Aus den sieben Interviews der ersten Phase wird ersichtlich, dass an den drei Projektschulen – im Folgenden S1, S2 und S3 – dasselbe Prinzip eines (Wochen-)Unterrichts installiert wurde, das aus zwei Schritten bestand. Zunächst wurden Aufgaben – meist zu Beginn der Woche – von den Lehrer*innen bereitgestellt, die von den Schüler*innen innerhalb einer bestimmten Frist bearbeitet werden sollten. In einem zweiten Schritt und nach Ablauf der Frist – meist zum Ende der Woche – stellten die Lehrer*innen die Lösungen zu den Aufgaben zur Verfügung, sodass die Schüler*innen selbstständig ihre Bearbeitung überprüfen sollten. In dieser Abfolge wurde pädagogisches Handeln (Gruschka 2013) auf das Bereitstellen von Aufgaben und Lösungen reduziert, wodurch die Vermittlungsbemühungen der Lehrer*innen allein an die didaktisierten Gegenstände, deren Aufgaben etc. delegiert wurden und darin aufgehen mussten. Unterrichten als Handlung der Lehrer*innen fand daher nahezu nicht statt oder wurde allein als digitale Bereitstellung von Arbeitsaufträgen umgesetzt, die von den Schüler*innen von der digitalen Plattform oder per E-Mail abgerufen und bearbeitet werden mussten (Jornitz und Mayer 2021; Mayer und Jornitz 2022). In dieser Konzeption eines fortgeführten Unterrichts erhielten die Lehrer*innen keinen Eindruck von den Aneignungsbemühungen ihrer Schüler*innen (Pollmanns 2019) hinsichtlich des jeweiligen Schulstoffes, da keine Rückmeldungswege etabliert waren.
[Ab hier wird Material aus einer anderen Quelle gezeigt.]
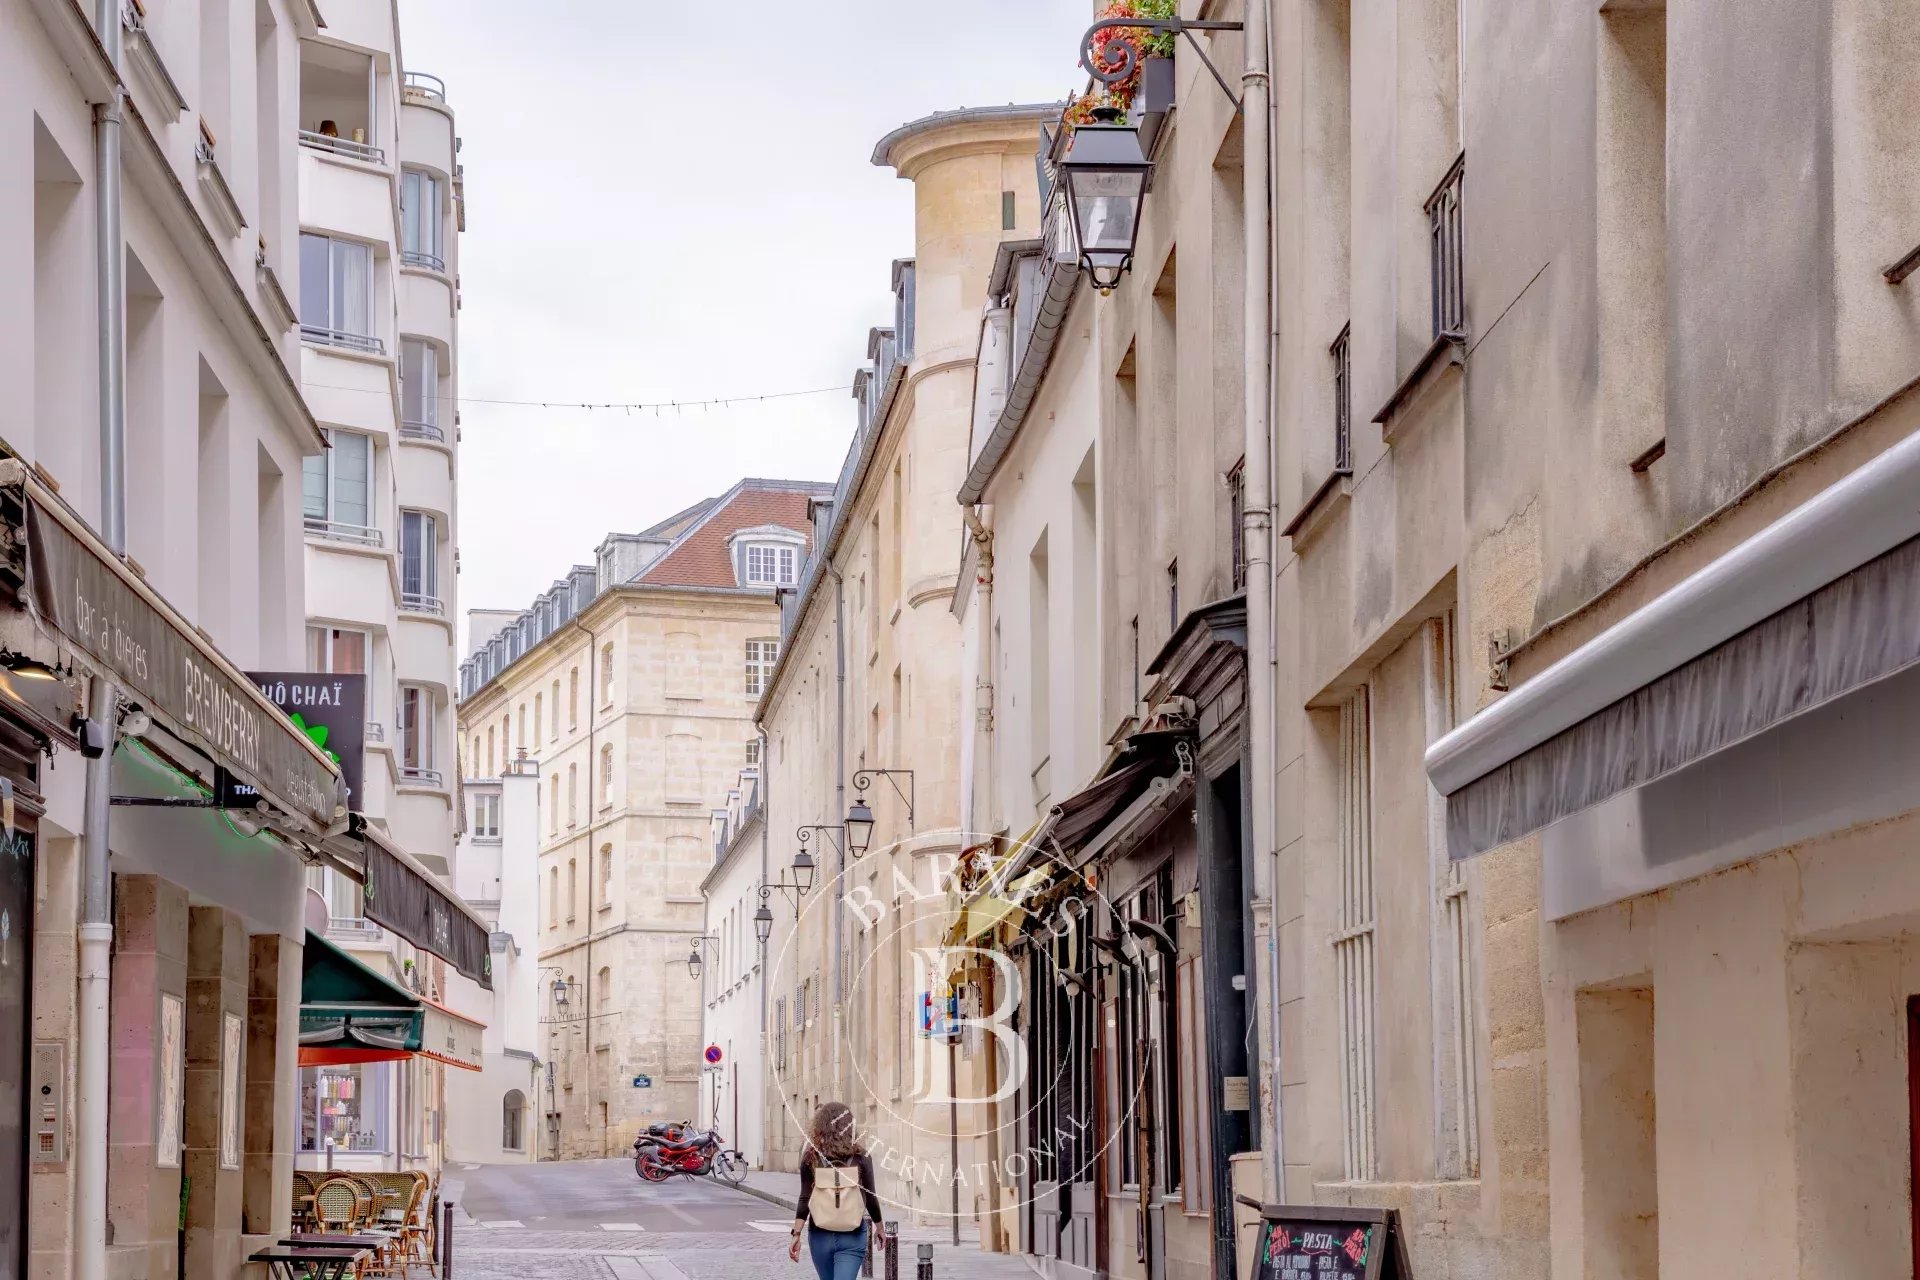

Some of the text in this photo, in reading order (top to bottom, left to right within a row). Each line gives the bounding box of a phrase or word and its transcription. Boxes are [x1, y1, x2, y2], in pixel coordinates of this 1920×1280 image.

Sie konnten nicht sehen, wie oder gar ob die Aufgaben bearbeitet wurden, da selbst die Schüler*innenarbeiten nicht von ihnen eingesammelt wurden, sondern die Schüler*innen aufgefordert waren, diese mit Hilfe der zeitlich später zur Verfügung gestellten Aufgabenlösungen zu kontrollieren und gegebenenfalls zu korrigieren (z. B. Mayer und Jornitz 2022).
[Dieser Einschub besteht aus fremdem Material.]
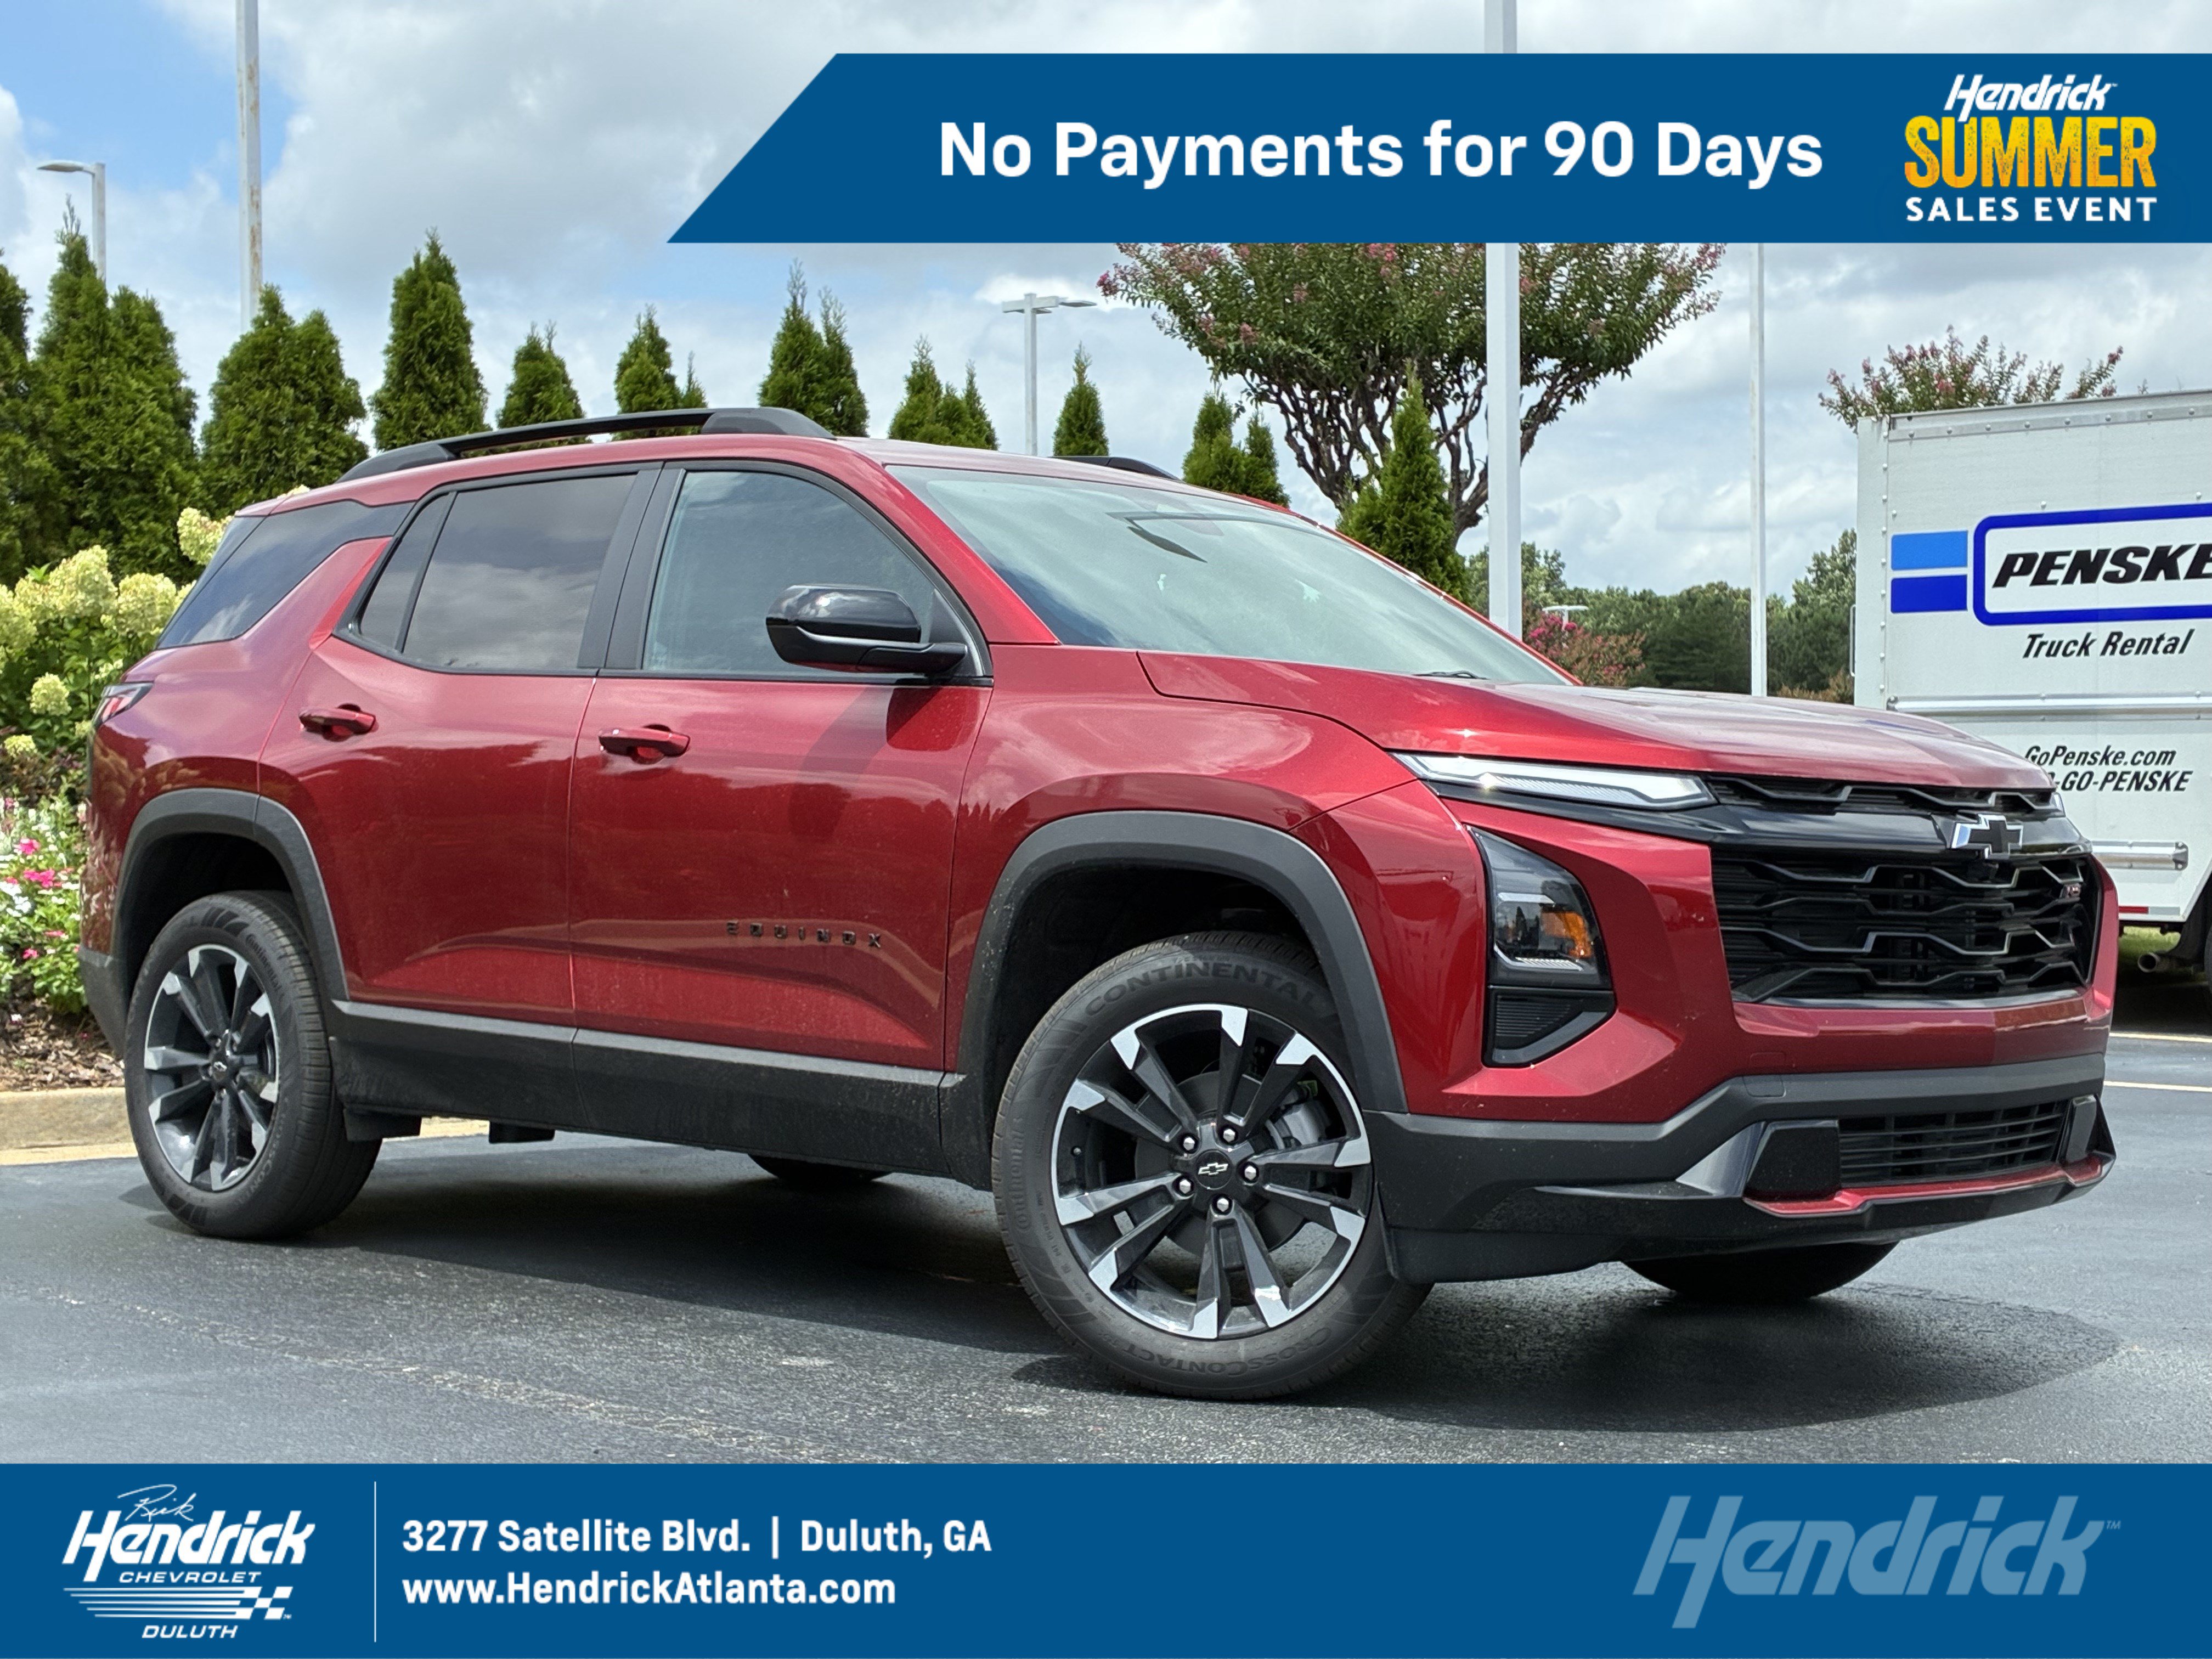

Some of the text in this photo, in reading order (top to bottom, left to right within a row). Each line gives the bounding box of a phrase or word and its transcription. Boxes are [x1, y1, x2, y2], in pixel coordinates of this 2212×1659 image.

[1992, 543, 2212, 588] PENSKE
[2022, 629, 2195, 658] Truck Rental
[2025, 744, 2177, 766] GoPenske.com
[726, 920, 881, 948] EQUINOX
[1085, 961, 1318, 1017] CONTINENTAL
Die für eine solche Konzeption von Unterricht auf Distanz notwendige Software musste demzufolge hauptsächlich die Funktionsbereiche der Kommunikation und des Contentmanagements, das heißt, die Bereitstellung von Unterrichtsmaterial ermöglichen. In allen drei Schulen wurde den Schüler*innen auf diese Art Aufgaben und Lösungen bereitgestellt. Welche Software jedoch verwendet und wie verpflichtend das Konzept umgesetzt wurde, unterschied sich von Schule zu Schule. So hatte die Schulleitung in S3 den WebUntis-Messenger für die Nutzung des Distanzunterrichts vorgeschrieben. Das heißt, Lehrer*innen schickten über den Messenger die zu bearbeitenden Aufgaben an die Schüler*innen und lieferten ca. eine Woche später die Lösungen zu den Aufgaben, die von den Schüler*innen dann zur Selbstkontrolle genutzt werden sollten. Des Weiteren war seitens der Schulleitung vorgesehen, dass alle Lehrer*innen einmal in der Woche zu einer bestimmten Zeit eine Stunde für Rückfragen der Schüler*innen via WebUntis zur Verfügung standen. Dabei bekräftigte ein Lehrer der S3 die Selbstdarstellung von WebUntis als „sichere Alternative zu WhatsApp“,Footnote 2 indem er den Messenger als „[…] sieht aus wie WhatsApp“ (OI_010420_S3/L2, Z. 124) beschreibt. Die Schule löst sich unter einer solchen Handlungsweise in die jeweiligen Einzelaktivitäten der Lehrenden auf. Sie wenden sich mit einer Nachricht an die Klasse; die Nachricht kommt als Einzelnachricht bei der Schülerin, bei jedem Schüler an. Das heißt, auf der Schülerebene gibt es keine Klasse mehr.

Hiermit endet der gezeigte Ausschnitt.